DIRECTIONS -
When the records are reproduced, each one must match exactly, and no picture may be kept.

=====

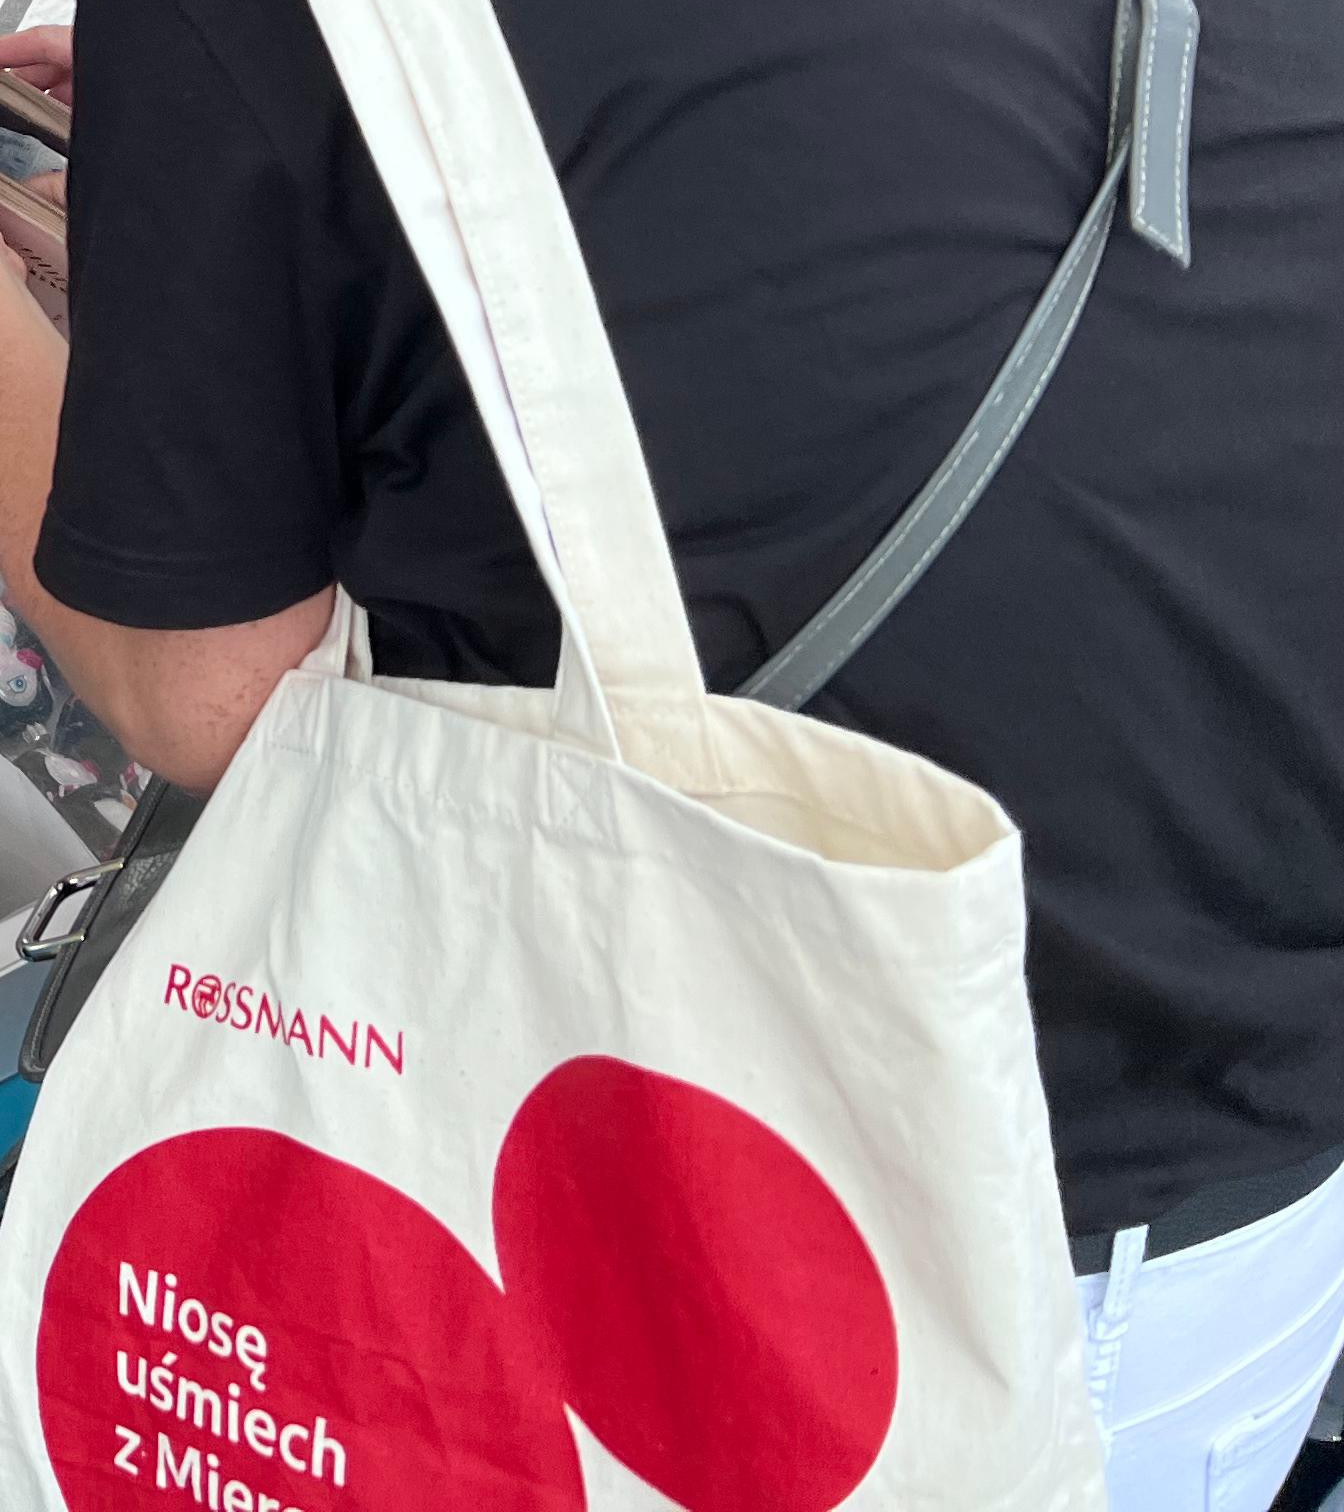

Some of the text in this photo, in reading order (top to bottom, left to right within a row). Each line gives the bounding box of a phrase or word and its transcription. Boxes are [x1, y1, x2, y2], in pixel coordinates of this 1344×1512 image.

[163, 963, 404, 1076] ROSSMANN
[118, 1261, 269, 1393] Niosę
[113, 1423, 306, 1512] z Mier
[115, 1349, 348, 1488] uśmiech
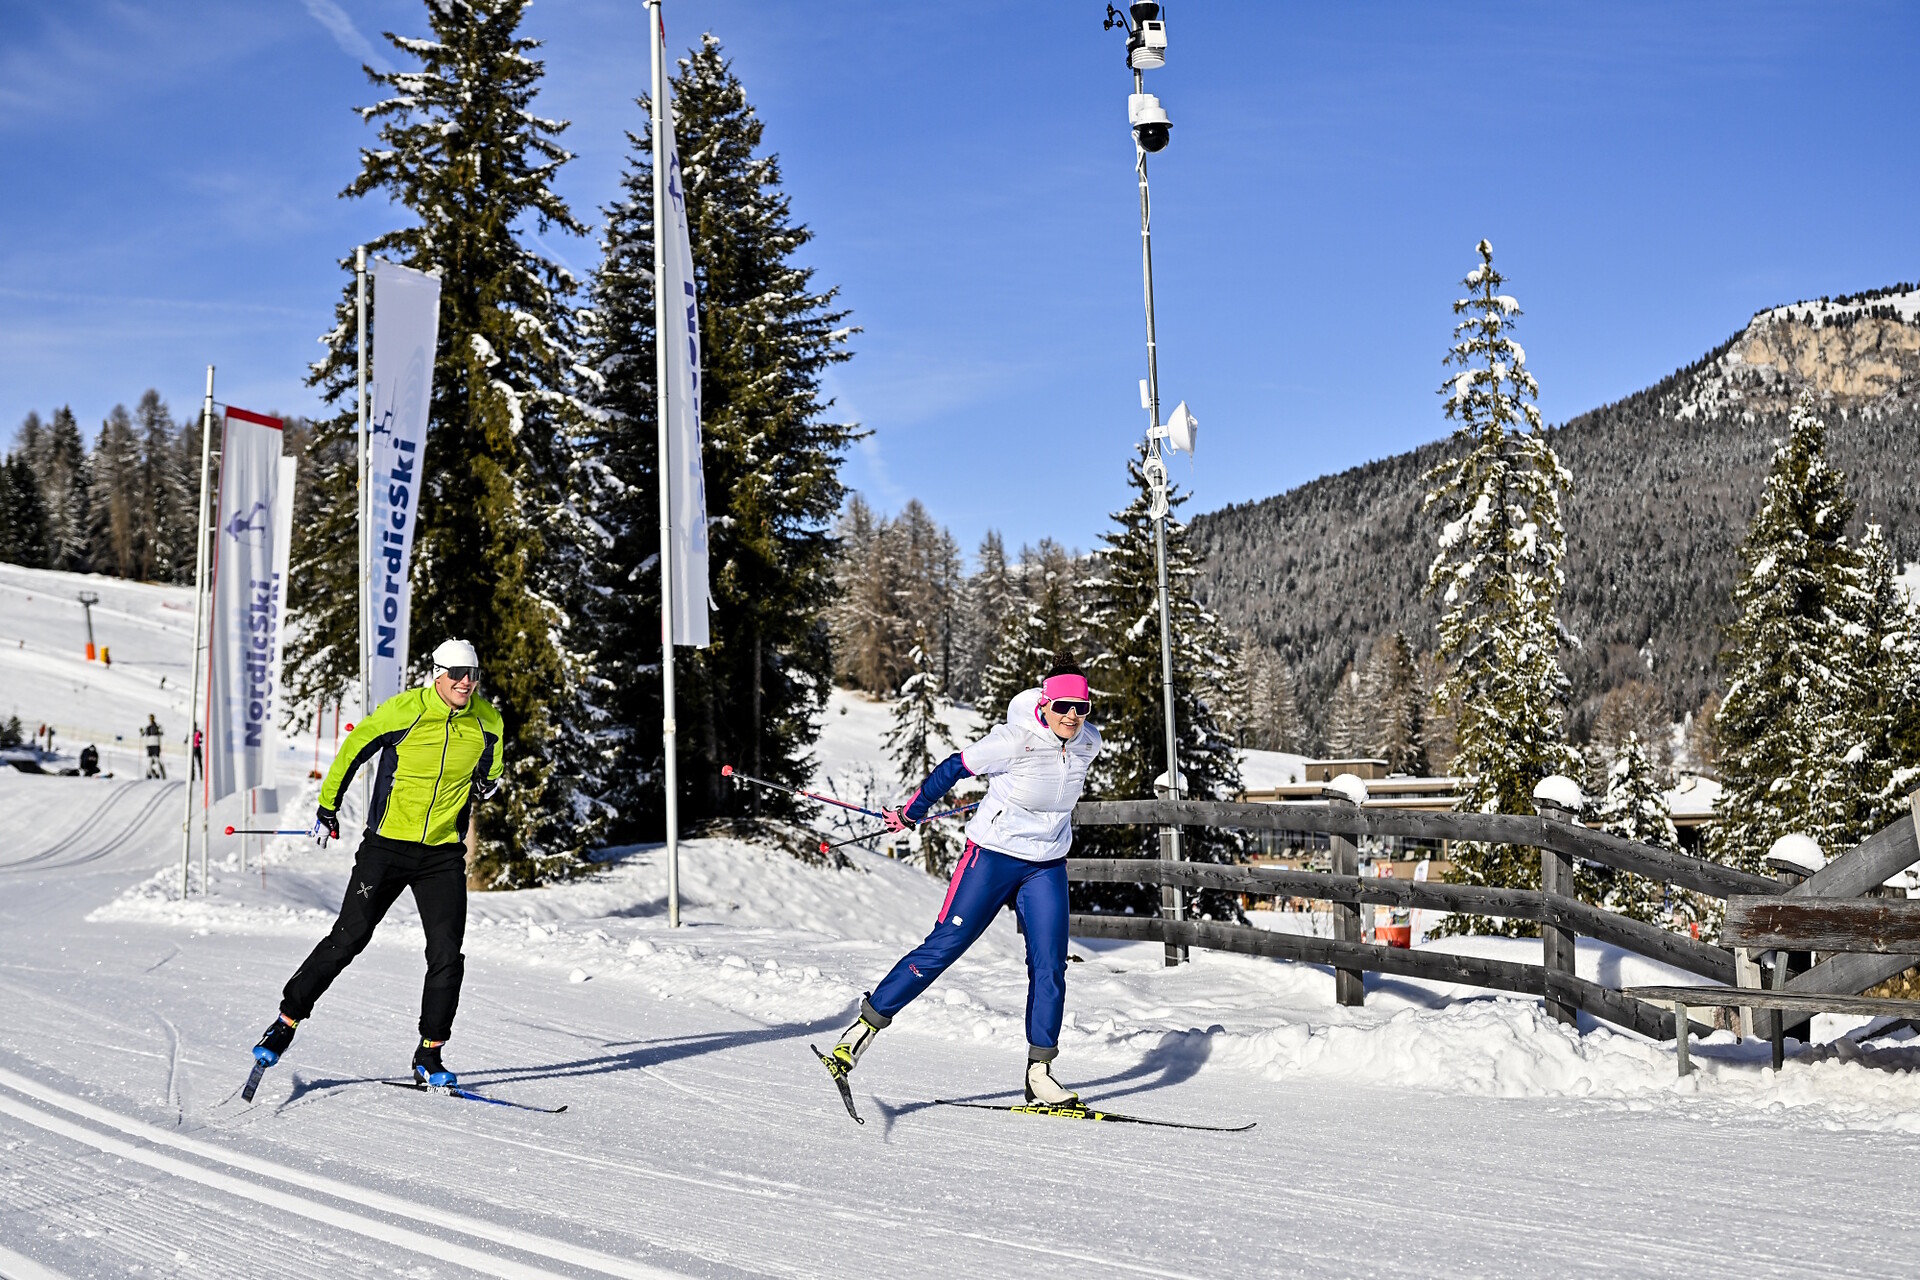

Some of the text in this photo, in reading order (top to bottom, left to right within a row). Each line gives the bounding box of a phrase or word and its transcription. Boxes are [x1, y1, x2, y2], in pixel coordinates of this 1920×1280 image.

[377, 437, 416, 659] NordicSki
[245, 579, 270, 748] NordicSki
[1010, 1106, 1086, 1120] FISCHER
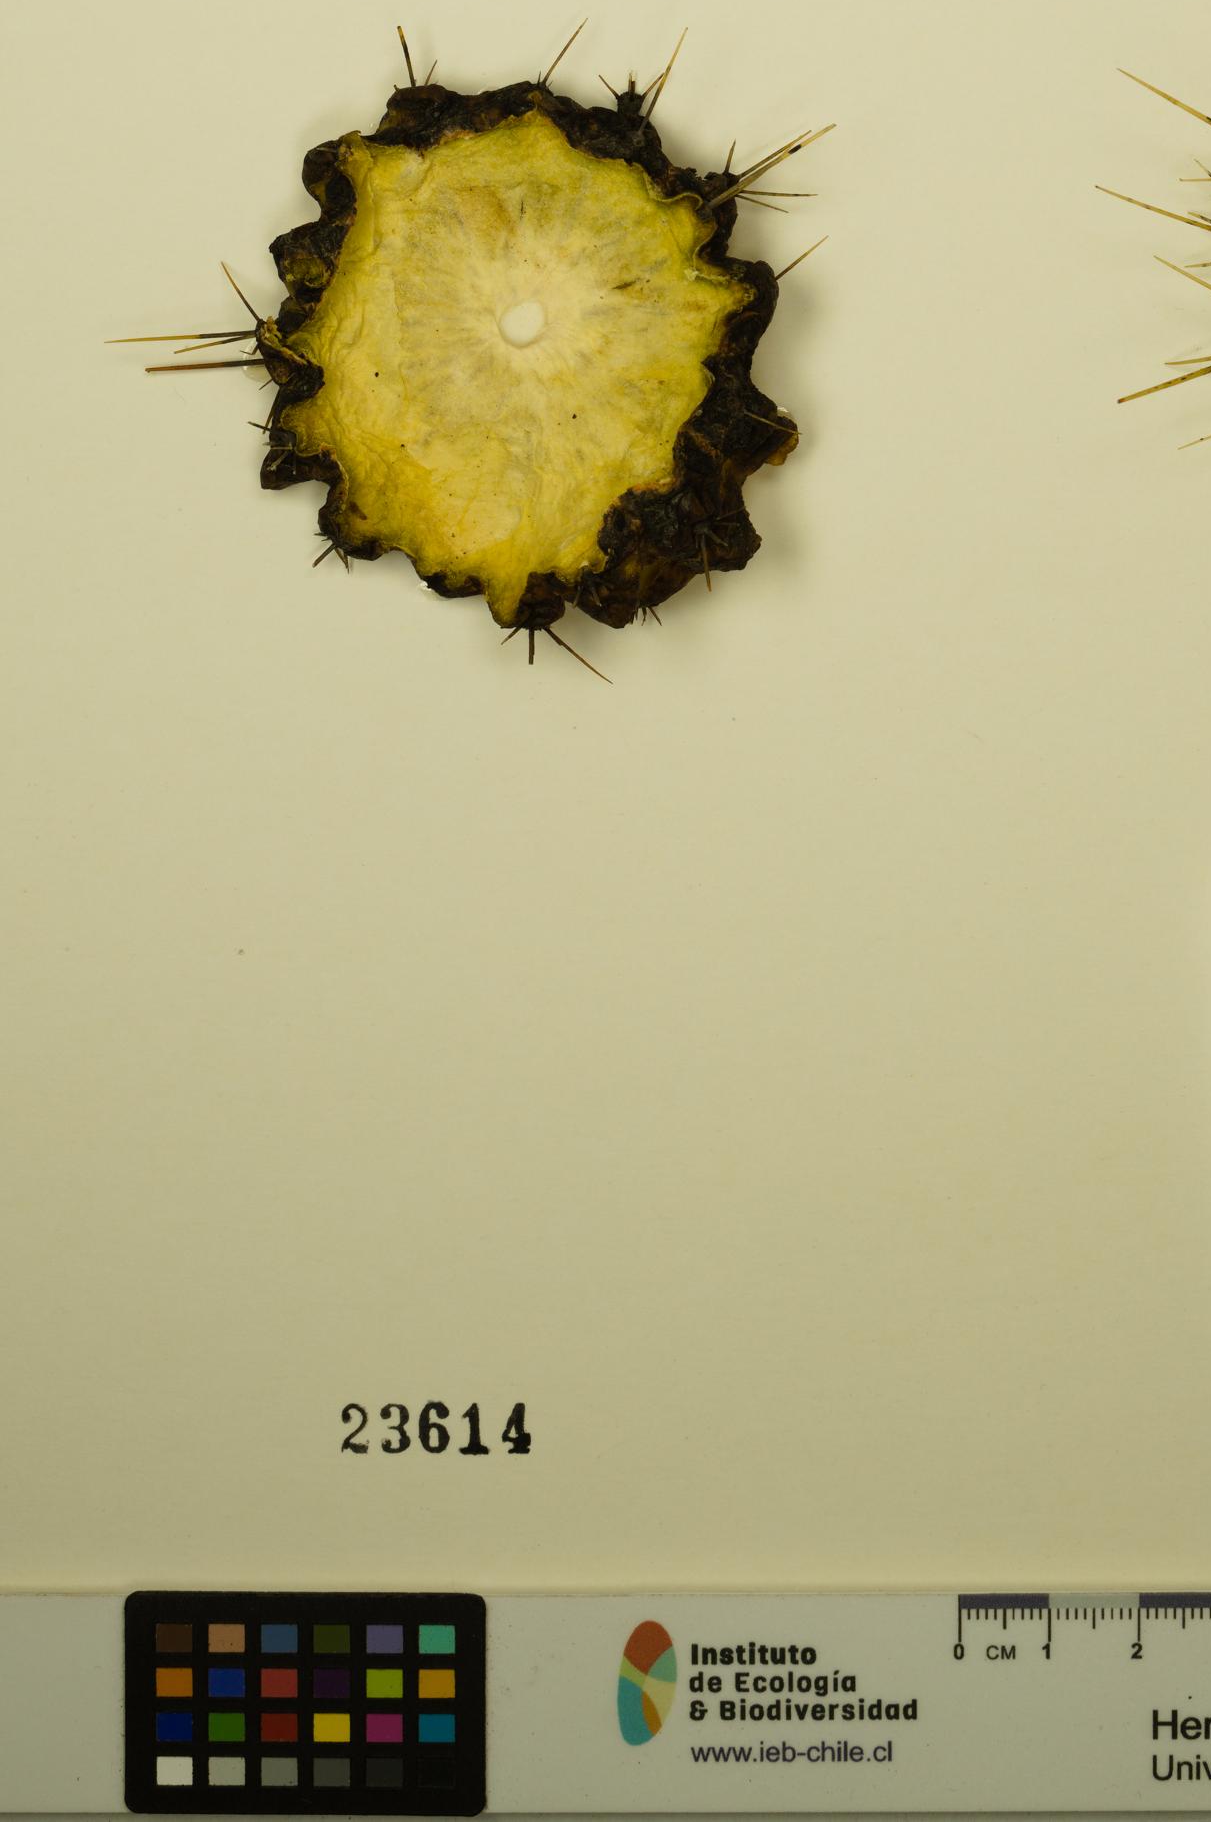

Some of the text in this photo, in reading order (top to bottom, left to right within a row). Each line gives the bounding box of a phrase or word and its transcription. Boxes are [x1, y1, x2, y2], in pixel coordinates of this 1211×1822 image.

[340, 1400, 532, 1456] 23614
[690, 1641, 817, 1666] Instituto
[953, 1642, 965, 1661] 0
[986, 1644, 1016, 1661] CM
[1041, 1641, 1052, 1660] 1
[1130, 1641, 1143, 1660] 2
[688, 1669, 857, 1698] de Ecología
[689, 1697, 918, 1722] & Biodiversidad
[690, 1740, 893, 1763] www.ieb-chile.cl

=====

RESULT FOR THIS TASK -
Some of the text in this photo, in reading order (top to bottom, left to right within a row). Each line gives the bounding box of a phrase or word and its transcription. Boxes are [x1, y1, x2, y2], in pixel coordinates of this 1344×1512 image.

[163, 963, 404, 1076] ROSSMANN
[118, 1261, 269, 1393] Niosę
[113, 1423, 306, 1512] z Mier
[115, 1349, 348, 1488] uśmiech

Some of the text in this photo, in reading order (top to bottom, left to right within a row). Each line gives the bounding box of a phrase or word and its transcription. Boxes are [x1, y1, x2, y2], in pixel coordinates of this 1920×1280 image.

[377, 437, 416, 659] NordicSki
[245, 579, 270, 748] NordicSki
[1010, 1106, 1086, 1120] FISCHER

Some of the text in this photo, in reading order (top to bottom, left to right within a row). Each line gives the bounding box of a phrase or word and its transcription. Boxes are [x1, y1, x2, y2], in pixel coordinates of this 1211×1822 image.

[340, 1400, 532, 1456] 23614
[690, 1641, 817, 1666] Instituto
[953, 1642, 965, 1661] 0
[986, 1644, 1016, 1661] CM
[1041, 1641, 1052, 1660] 1
[1130, 1641, 1143, 1660] 2
[688, 1669, 857, 1698] de Ecología
[689, 1697, 918, 1722] & Biodiversidad
[690, 1740, 893, 1763] www.ieb-chile.cl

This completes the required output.